# Tabular Data Classification and Baseline with EDA

**Table of Contents:**

1. [Load Data and Inspect Top Level Features](#load)
2. [Exploratory Data Analysis (EDA)](#eda)
3. [Data Preparation and Preprocessing](#data-preprocessing)
4. [Model Training and Evaluation](#model-training)
    - 4.1. [Basic Analysis using Random Forest](#random-forest)
    - 4.2 [CatBoost Classification model](#catboost)
5. [Test set predictions](#test-predictions)

In [None]:
!pip install pydotplus

In [None]:
import gc
import matplotlib.pyplot as plt
import numpy as np
import os
import pandas as pd
import seaborn as sns

from catboost import CatBoostClassifier, cv, Pool
from collections import defaultdict

from imblearn.over_sampling import SMOTE
from IPython.display import Image
from pydotplus import graph_from_dot_data
        
from sklearn.decomposition import PCA
from sklearn.tree import DecisionTreeClassifier, export_graphviz
from sklearn.ensemble import RandomForestClassifier, GradientBoostingClassifier, BaggingClassifier
from sklearn.preprocessing import LabelEncoder, StandardScaler, OneHotEncoder
from sklearn.model_selection import train_test_split, KFold, cross_val_score, cross_val_predict
from sklearn.model_selection import cross_validate, StratifiedKFold
from sklearn.metrics import accuracy_score, f1_score, precision_score, roc_curve, \
                            recall_score, confusion_matrix, classification_report, \
                            auc, precision_recall_curve
from sklearn.linear_model import LinearRegression, Lasso, Ridge
from sklearn.pipeline import Pipeline
from sklearn.linear_model import LogisticRegression, Perceptron, RidgeClassifier
from sklearn.naive_bayes import GaussianNB
from sklearn.neural_network import MLPClassifier
from sklearn.svm import SVC

---

<a id="load"></a>
## 1. Load Data and inspect top level features

In [None]:
data_dir = "/kaggle/input/tabular-playground-series-mar-2021/"
train_df = pd.read_csv(os.path.join(data_dir, "train.csv"))
test_df = pd.read_csv(os.path.join(data_dir, "test.csv"))
train_df.head()

In [None]:
train_df.info()

In [None]:
train_df.isna().sum().sum()

Good, we have absolutely no null or missing values at all!

---

<a id="eda"></a>
## 2. Exploratory Data Analysis (EDA)

Since we've got a range of both categorical and numerical features we should briefly explore these for insights.
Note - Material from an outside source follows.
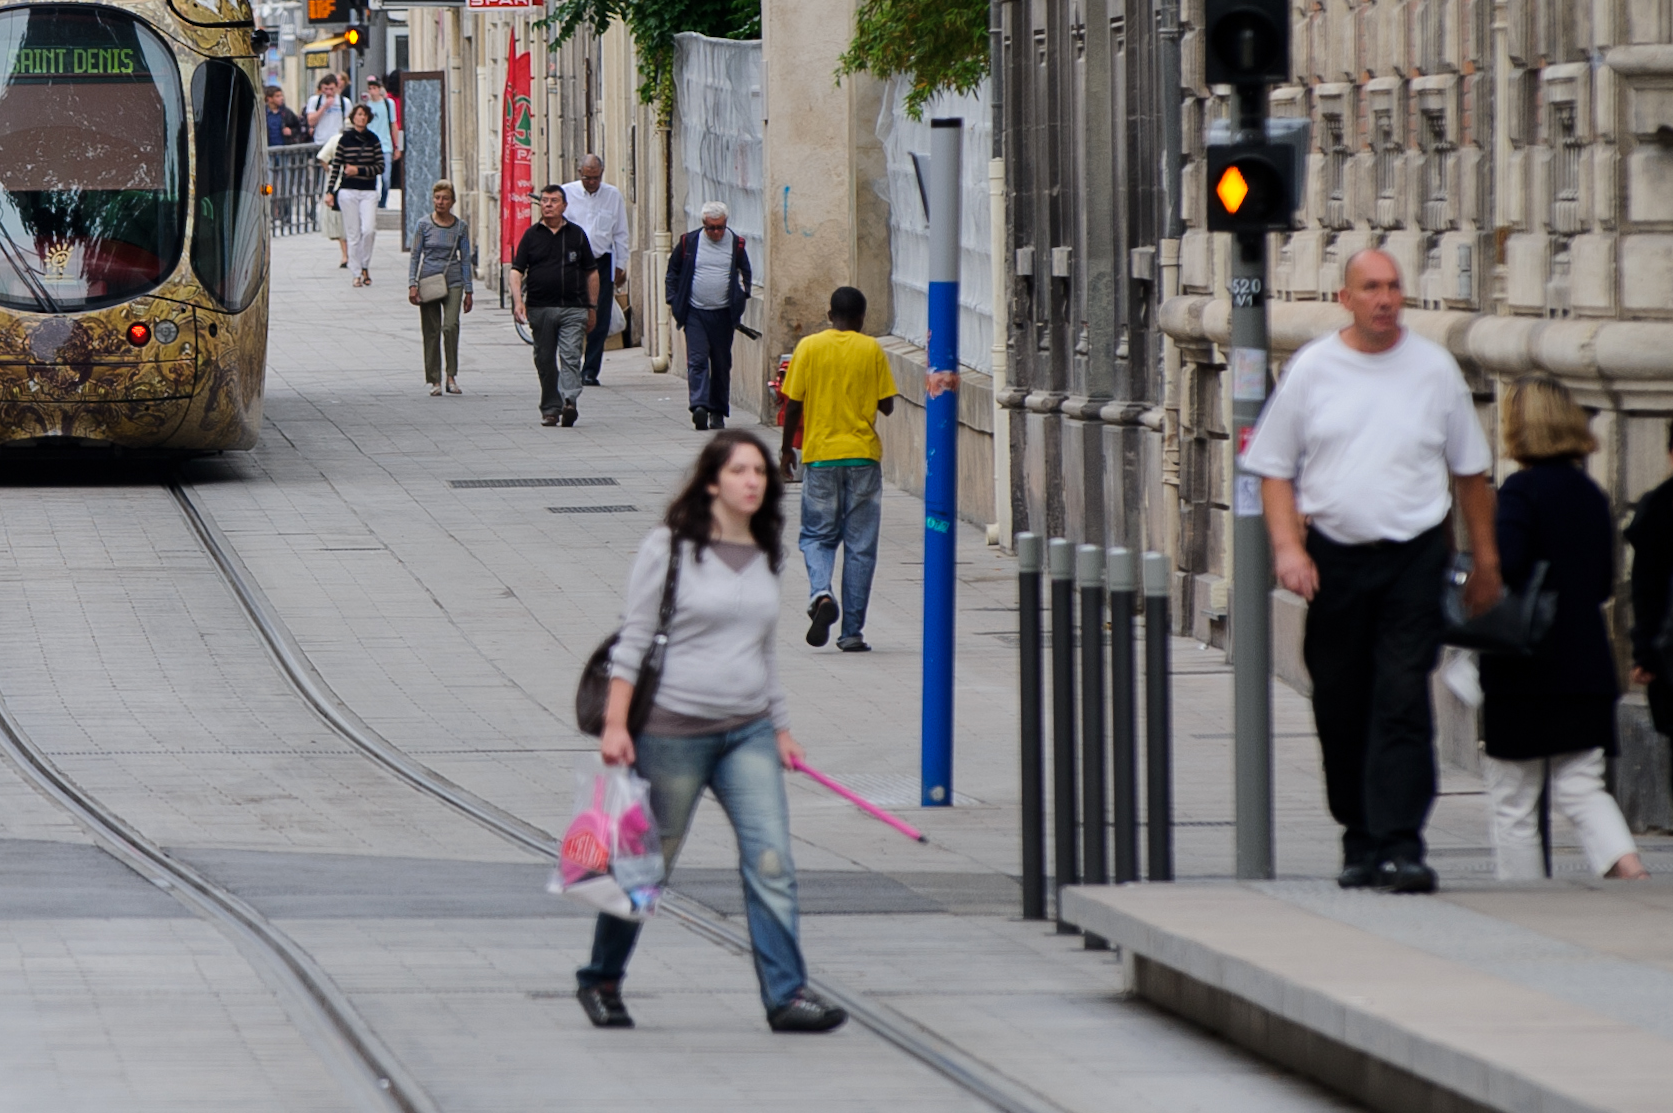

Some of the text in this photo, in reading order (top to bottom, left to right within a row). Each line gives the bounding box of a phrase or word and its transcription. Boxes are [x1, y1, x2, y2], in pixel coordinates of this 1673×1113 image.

### 2.1 Analysis of Categorical Features

In [None]:
def custom_countplot(data_df, col_name, ax=None, annotate=True):
    """ Plot seaborn countplot for selected dataframe col """
    c_plot = sns.countplot(x=col_name, data=data_df, ax=ax)
    if annotate:
        for g in c_plot.patches:
            c_plot.annotate(f"{g.get_height()}",
                            (g.get_x()+g.get_width()/3,
                             g.get_height()+60))

We can plot all of our categorical columns using this basic helper function:

In [None]:
cat_cols = [x for x in train_df.columns.values if x.startswith('cat')]
n = len(cat_cols)

print(f"Number of categorical columns: {n}")

In [None]:
n = len(cat_cols)

fig, axs = plt.subplots(5, 4, figsize=(18,10))
axs = axs.flatten()

# iterate through each col and plot
for i, col_name in enumerate(cat_cols):
    custom_countplot(train_df, col_name, ax=axs[i], annotate=False)
    axs[i].set_xlabel(f"{col_name}", weight = 'bold')
    axs[i].set_ylabel('Count', weight='bold')
    
    # only apply y label to left-most plots
    if (i not in [0, 4, 8, 12, 16]):
        axs[i].set_ylabel('')
        
plt.tight_layout()
plt.show()

Lets also look at our target output:

In [None]:
train_df['target'].value_counts().plot.bar()
plt.show()

In [None]:
train_df['target'].value_counts(normalize=True)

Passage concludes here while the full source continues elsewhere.